WHAT YOU HAVE TO DO - Set the data below down again, exactly, with every picture left out.

(Collected data entries)
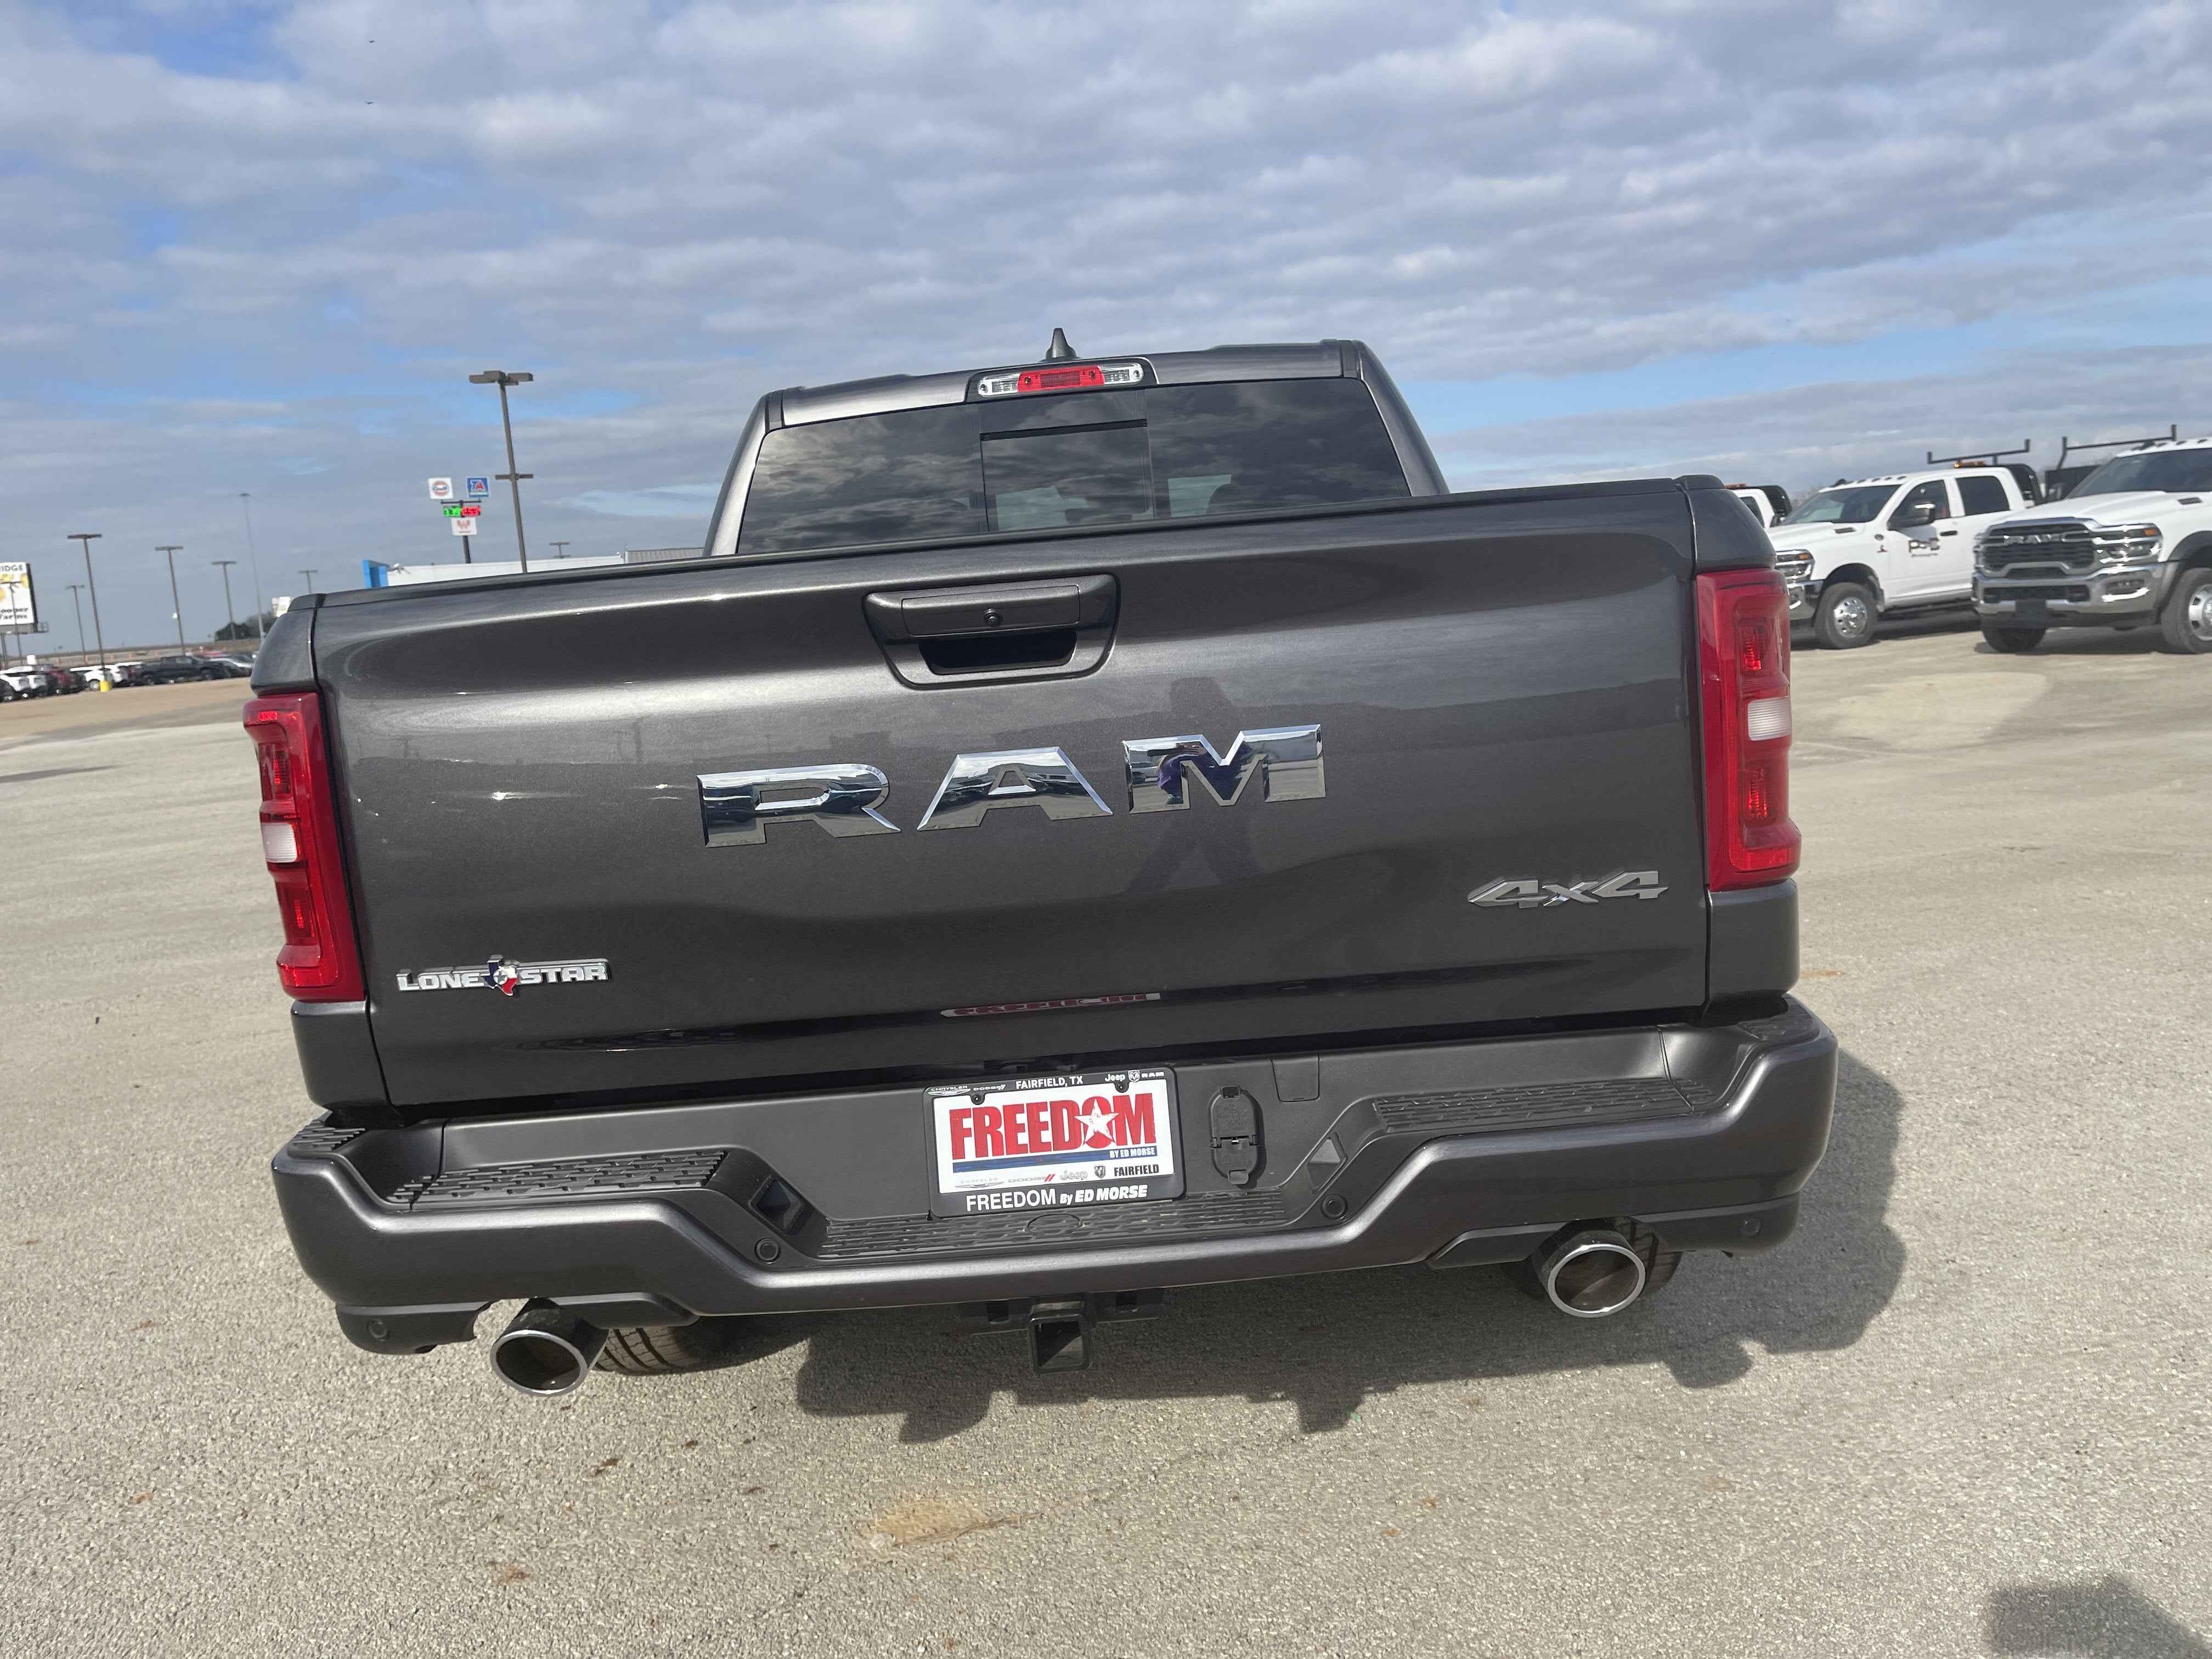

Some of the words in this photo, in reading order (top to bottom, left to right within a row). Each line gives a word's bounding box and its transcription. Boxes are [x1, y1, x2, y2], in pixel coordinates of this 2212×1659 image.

[697, 724, 1326, 848] RAM
[396, 971, 484, 992] LONE
[520, 963, 610, 985] STAR
[1015, 1077, 1068, 1090] FAIRFIELD,
[1069, 1075, 1084, 1085] TX
[1104, 1073, 1126, 1082] Jeep
[949, 1093, 1156, 1160] FREEDOM
[1109, 1149, 1120, 1159] BY
[1121, 1148, 1130, 1158] ED
[1130, 1147, 1155, 1157] MORSE
[1059, 1170, 1088, 1181] Jeep
[1114, 1164, 1159, 1177] FAIRFIELD
[966, 1188, 1056, 1212] FREEDOM
[1059, 1193, 1073, 1205] By
[1075, 1188, 1094, 1203] ED
[1096, 1184, 1148, 1201] MORSE
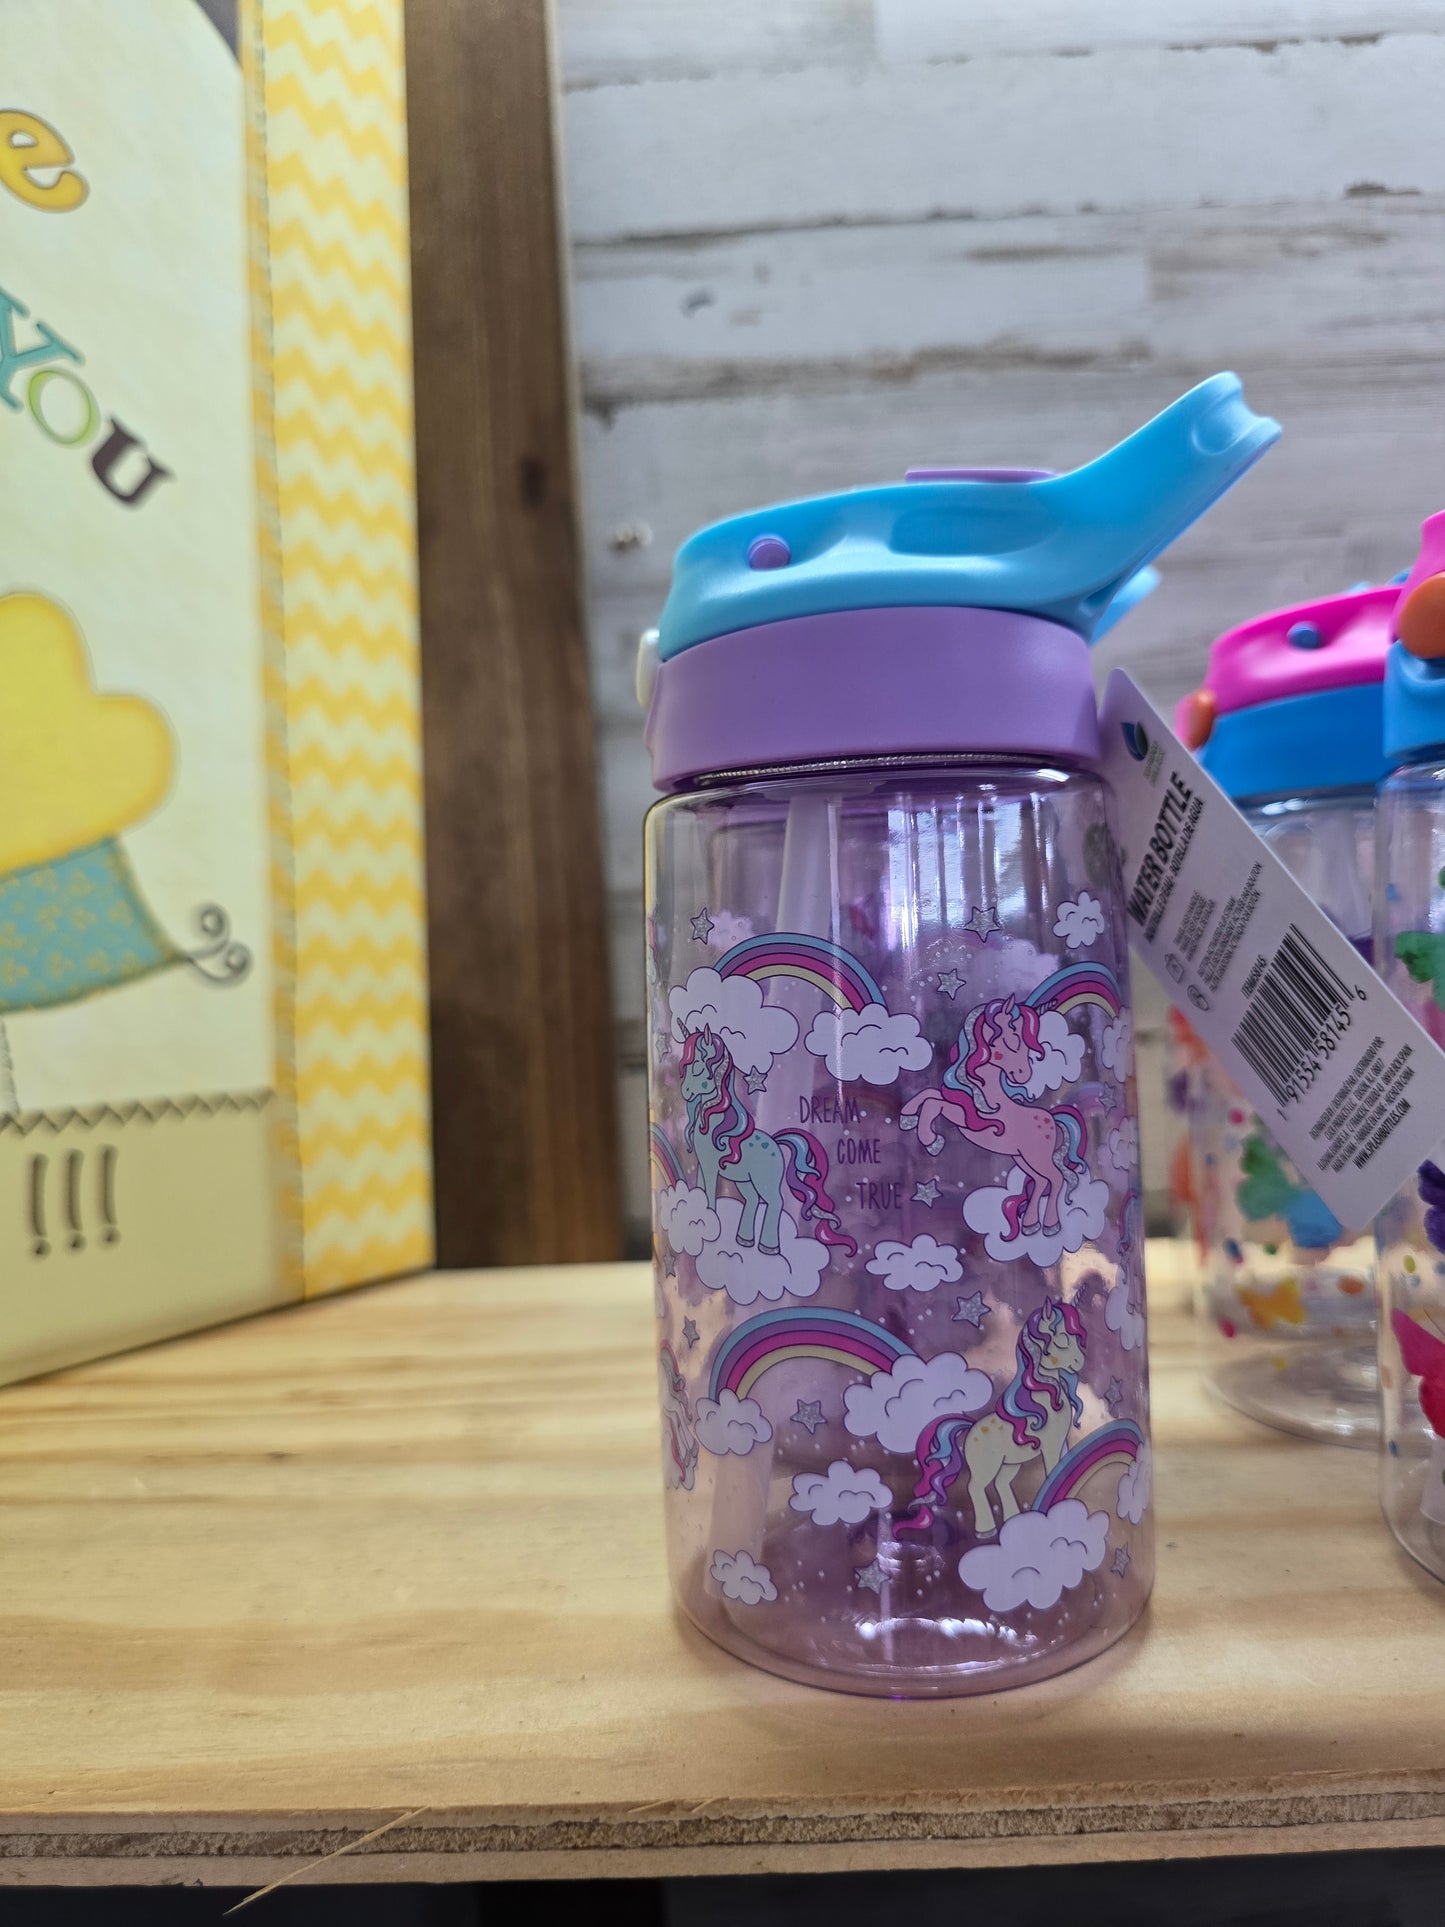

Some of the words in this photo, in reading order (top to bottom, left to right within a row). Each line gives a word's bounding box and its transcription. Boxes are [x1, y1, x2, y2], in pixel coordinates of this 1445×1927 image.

SOLVED EXERCISE -
Some of the words in this photo, in reading order (top to bottom, left to right within a row). Each line gives a word's bounding box and its transcription. Boxes are [x1, y1, x2, y2], in pixel coordinates of this 2212×1659 image.

[697, 724, 1326, 848] RAM
[396, 971, 484, 992] LONE
[520, 963, 610, 985] STAR
[1015, 1077, 1068, 1090] FAIRFIELD,
[1069, 1075, 1084, 1085] TX
[1104, 1073, 1126, 1082] Jeep
[949, 1093, 1156, 1160] FREEDOM
[1109, 1149, 1120, 1159] BY
[1121, 1148, 1130, 1158] ED
[1130, 1147, 1155, 1157] MORSE
[1059, 1170, 1088, 1181] Jeep
[1114, 1164, 1159, 1177] FAIRFIELD
[966, 1188, 1056, 1212] FREEDOM
[1059, 1193, 1073, 1205] By
[1075, 1188, 1094, 1203] ED
[1096, 1184, 1148, 1201] MORSE

Some of the words in this photo, in reading order (top to bottom, left to right within a row). Each line gives a word's bounding box and its transcription. Boxes are [x1, y1, x2, y2], in pixel coordinates of this 1445×1927 image.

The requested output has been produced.